I think there's an interesting life lesson buried in this one.
During our brief stop in Chicago, we went into town for pizza (of course) and parked at the John Hancock building. Right across the street there is a mall, and a huge, brightly lit American Girl store opens out onto the sidewalk on the first level. When I saw this, I turned to my parents and said, "When I was about 9 years old, there was nothing I wanted more in the world than an American Girl doll."
I was surprised to find out that my parents hadn't known this (though when my mom saw the price tag on the dolls she assured me that even if they had known, I wouldn't have gotten one anyway). "You didn't even play with dolls," my mom said, and that's true.
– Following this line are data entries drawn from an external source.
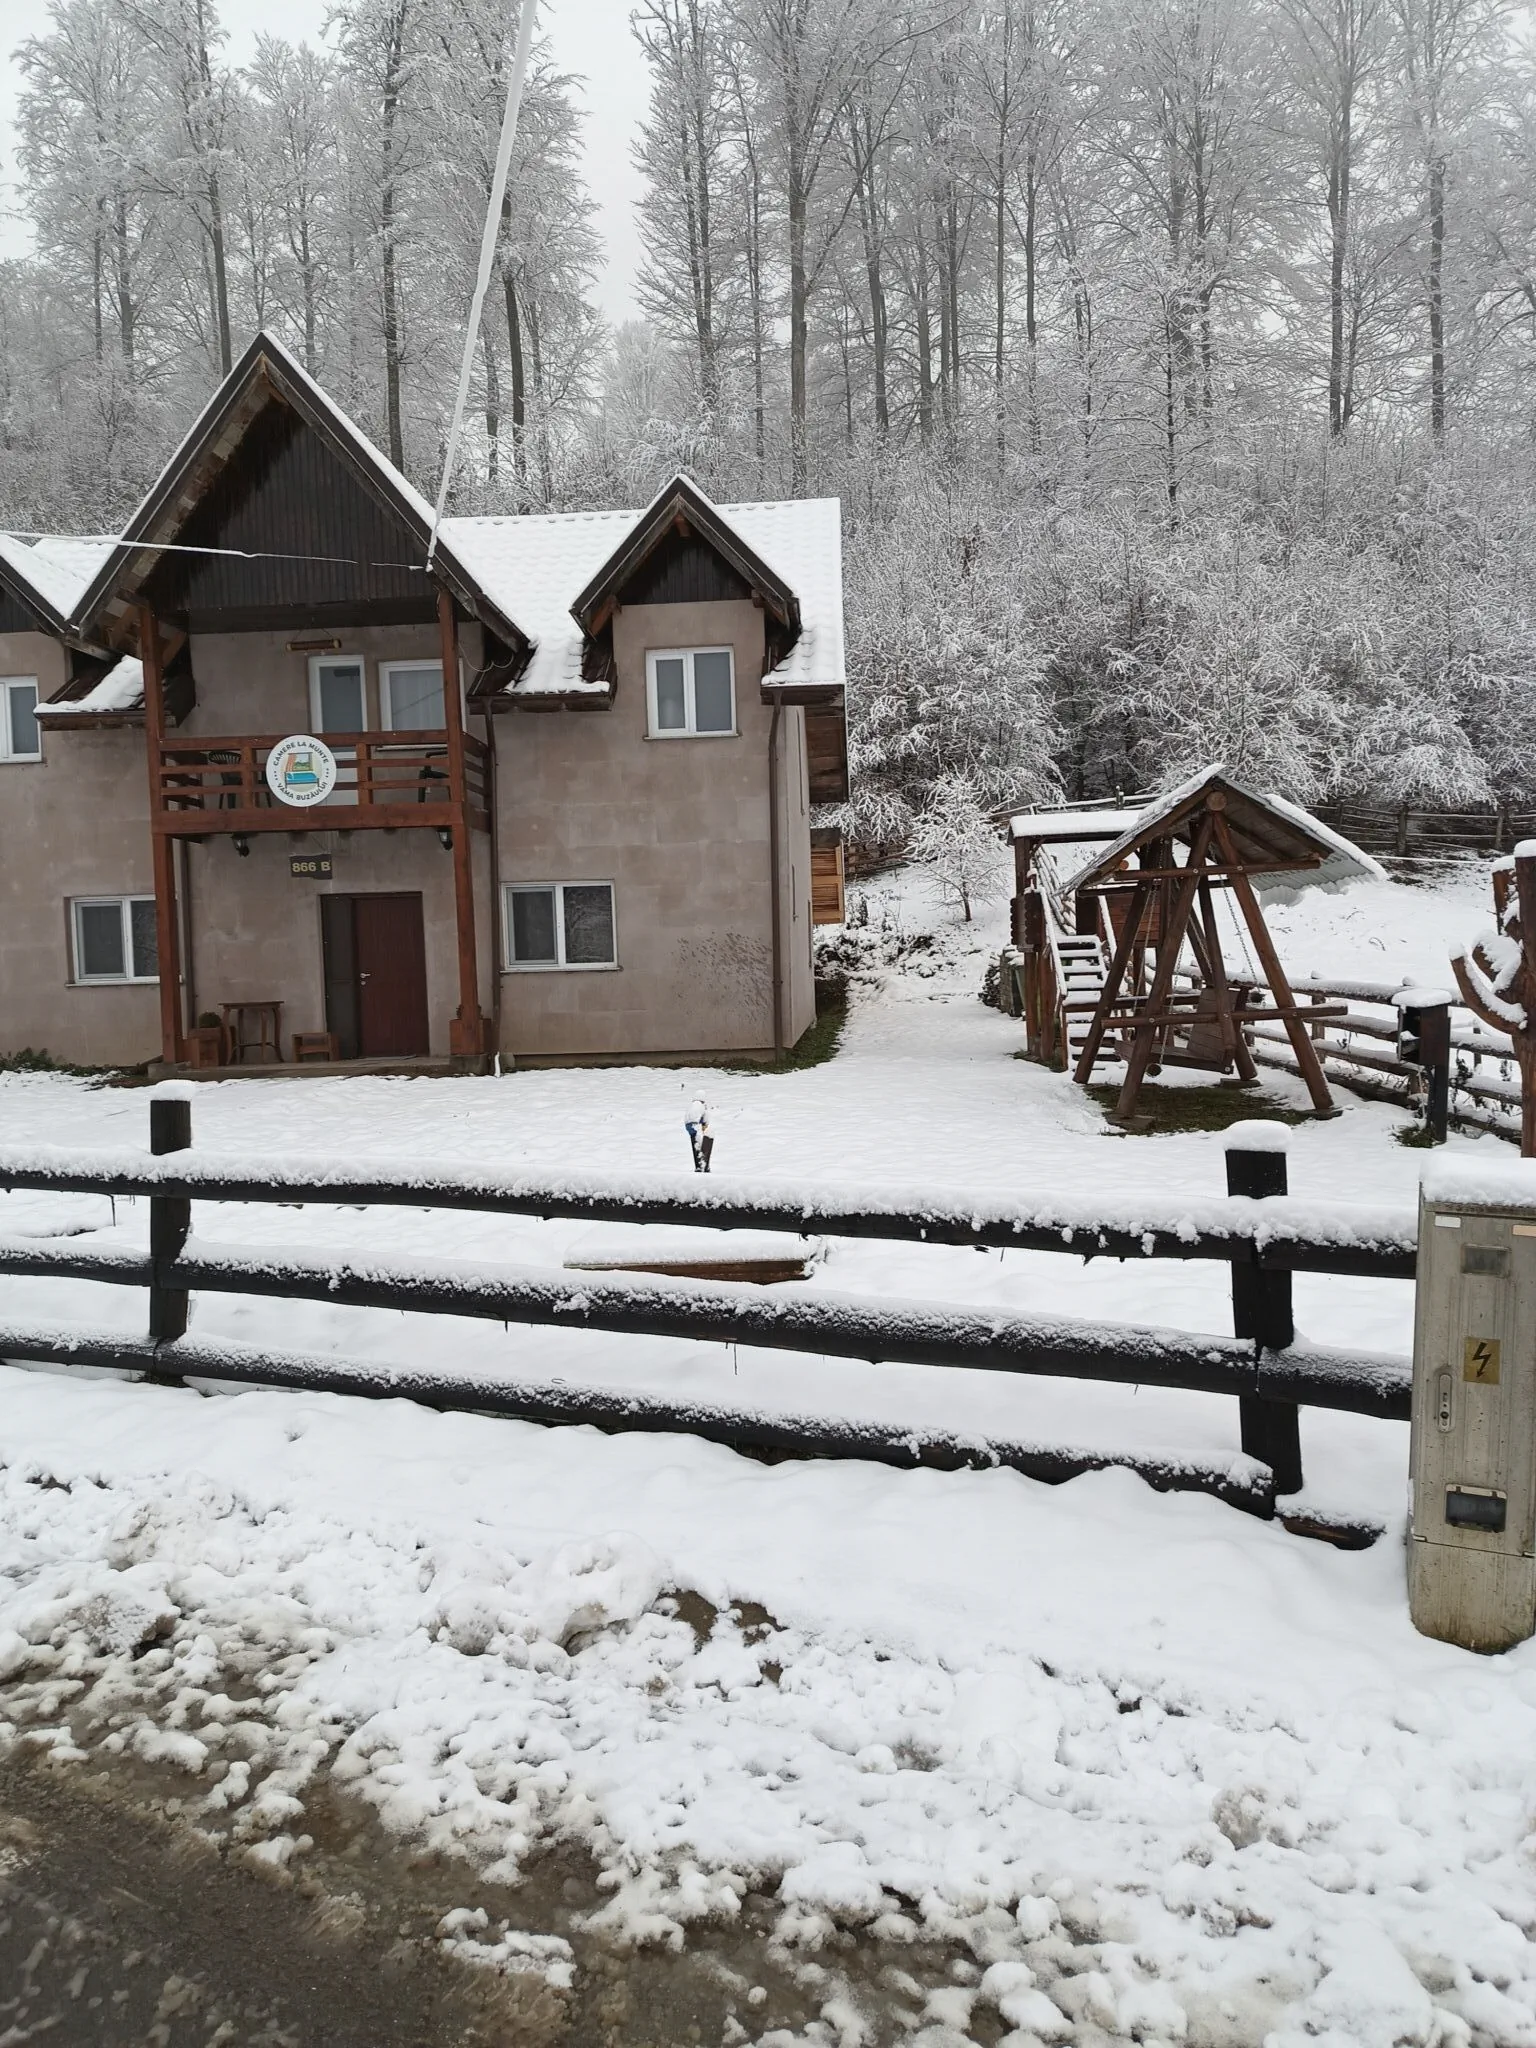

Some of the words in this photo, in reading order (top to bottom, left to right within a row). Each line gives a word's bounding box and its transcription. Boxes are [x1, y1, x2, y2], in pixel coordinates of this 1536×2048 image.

[273, 742, 295, 766] CAMERE
[309, 743, 329, 763] MUNTE
[277, 783, 294, 799] VAMA
[292, 862, 317, 873] 866
[321, 861, 331, 872] B
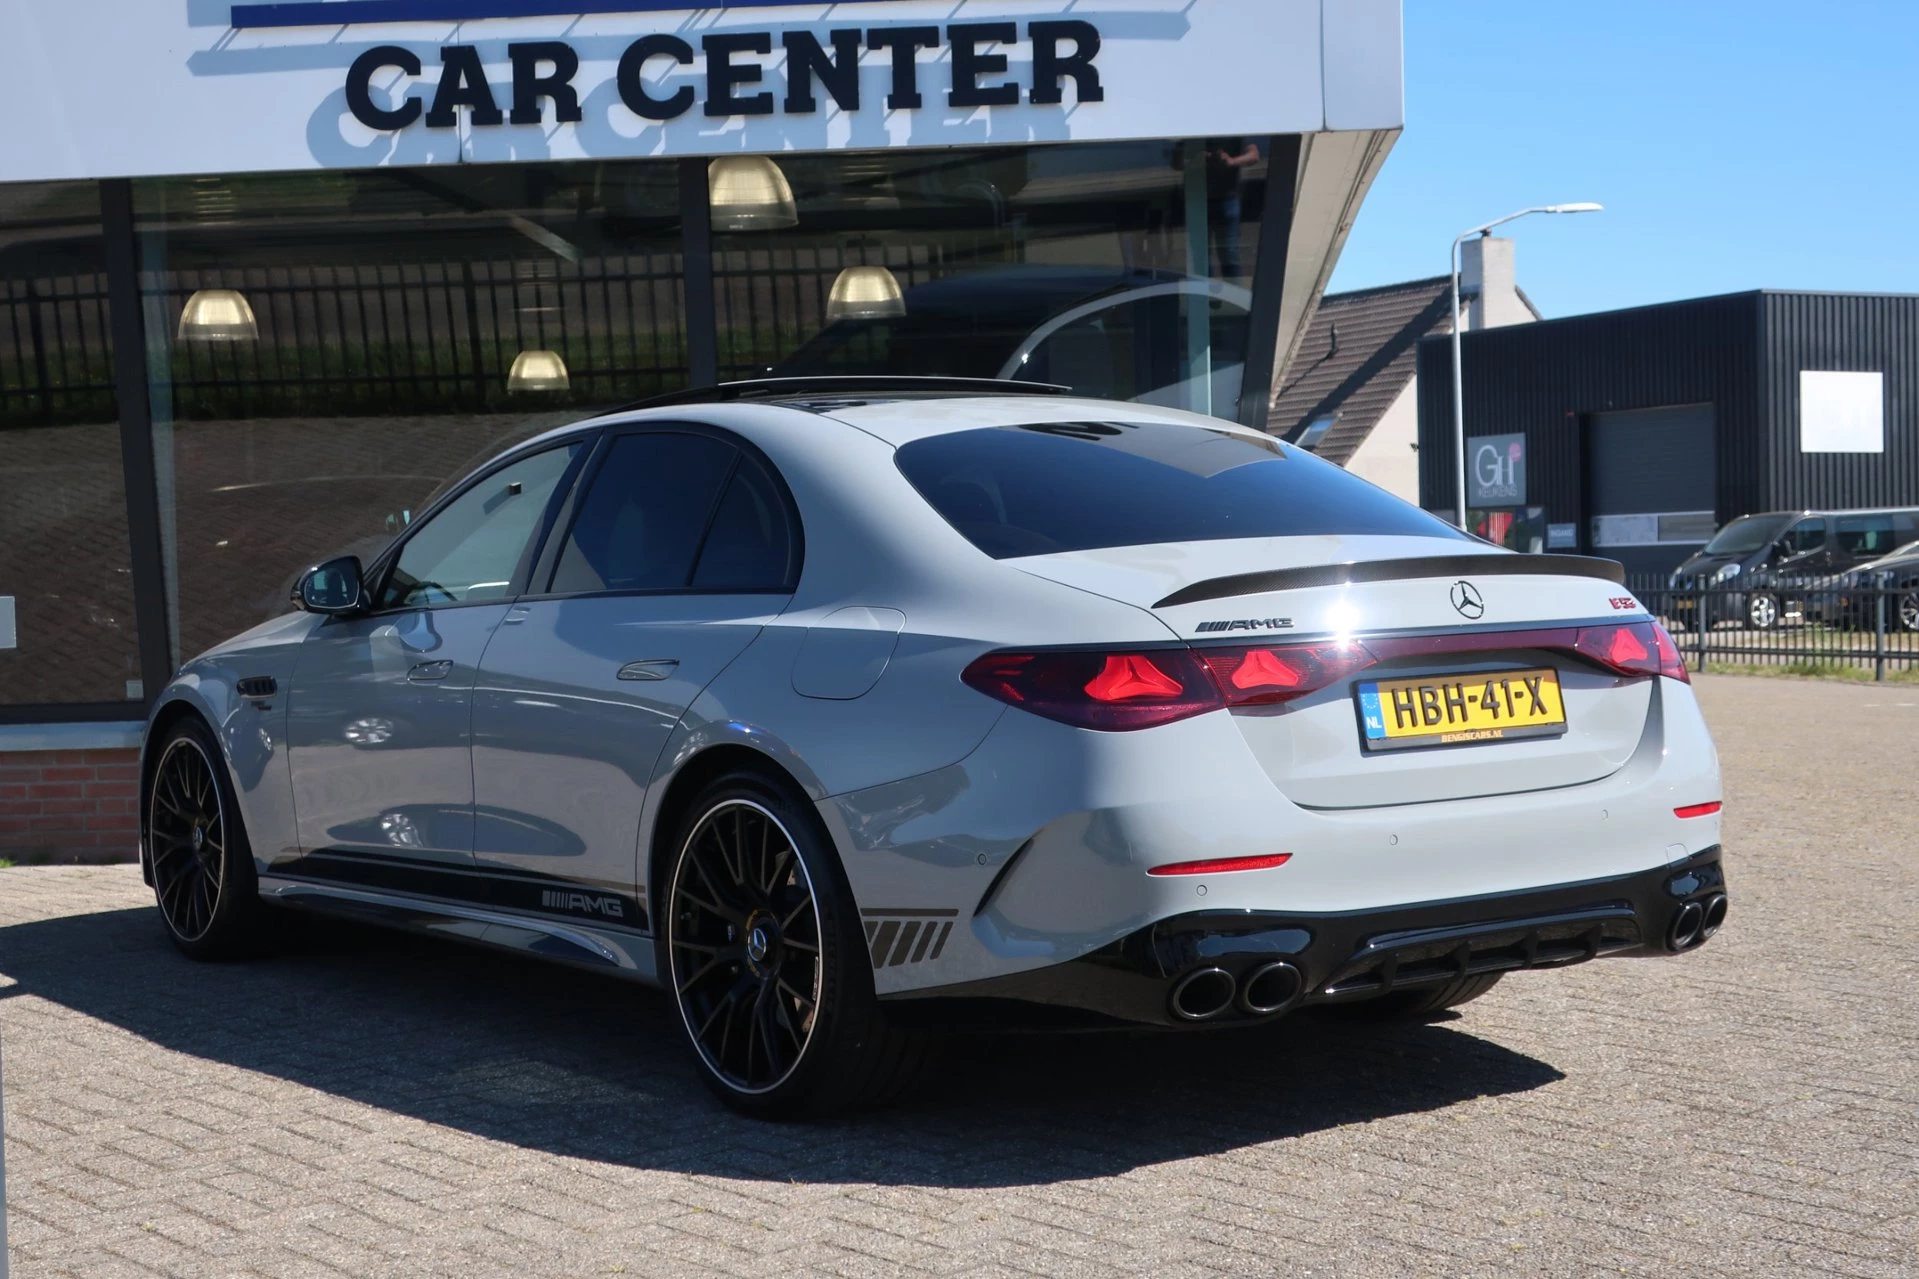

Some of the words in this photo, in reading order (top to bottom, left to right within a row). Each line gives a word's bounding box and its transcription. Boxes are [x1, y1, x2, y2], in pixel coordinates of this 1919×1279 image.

[345, 41, 583, 131] CAR
[616, 20, 1104, 120] CENTER
[1227, 617, 1294, 631] AMG
[1391, 676, 1548, 729] HBH-41-X
[1366, 716, 1383, 729] NL
[568, 893, 624, 917] AMG
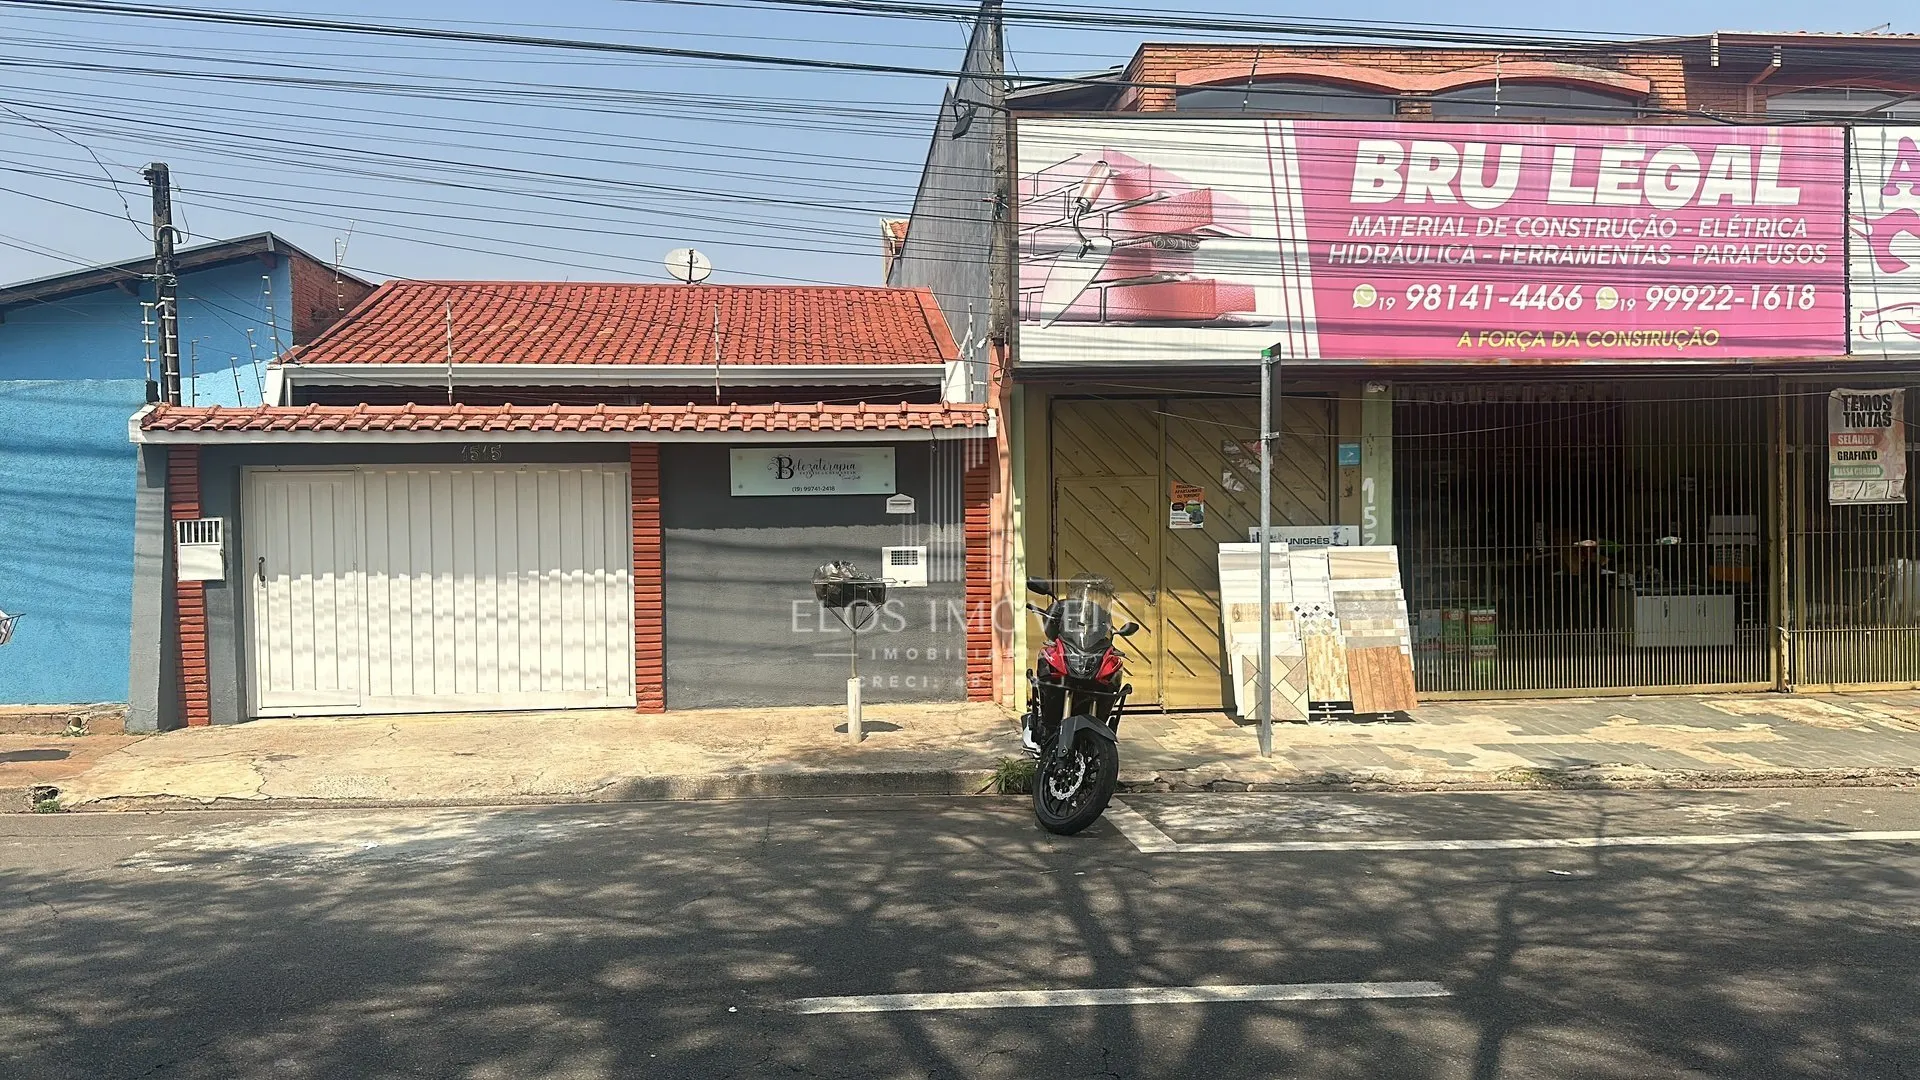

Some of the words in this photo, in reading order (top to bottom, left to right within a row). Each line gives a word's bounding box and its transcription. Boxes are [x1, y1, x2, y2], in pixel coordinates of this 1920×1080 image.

I had a Rainbow Bright doll and a few Cabbage Patch Kids, and a handful of Barbie dolls, but I didn't really play with them. It's not that I wasn't girly, or that I lacked imagination - I just had other outlets. And looking back, it's a good thing I didn't ever get an American Girl doll because it would have just collected dust in the corner.
But for several years of my childhood, I would get an American Girl catalog in the mail every season and pore over it and dream of owning my own doll and plan out exactly how I might spend $1000 if I were to, you know, suddenly receive $1000 to be spent solely on American Girl items (and at that time of my life, that's probably where any $1000 I received would have gone). I borrowed all of the books from my best friend and read them, often several times.
When my parents asked if I wanted to go in the store, for memory's sake, I shook my head. "I'm past that," I said. But after dinner we wandered into the mall just for fun, and as we descended the escalator to leave I changed my mind. It was such a huge part of growing up, and I was curious how the company and its products had evolved.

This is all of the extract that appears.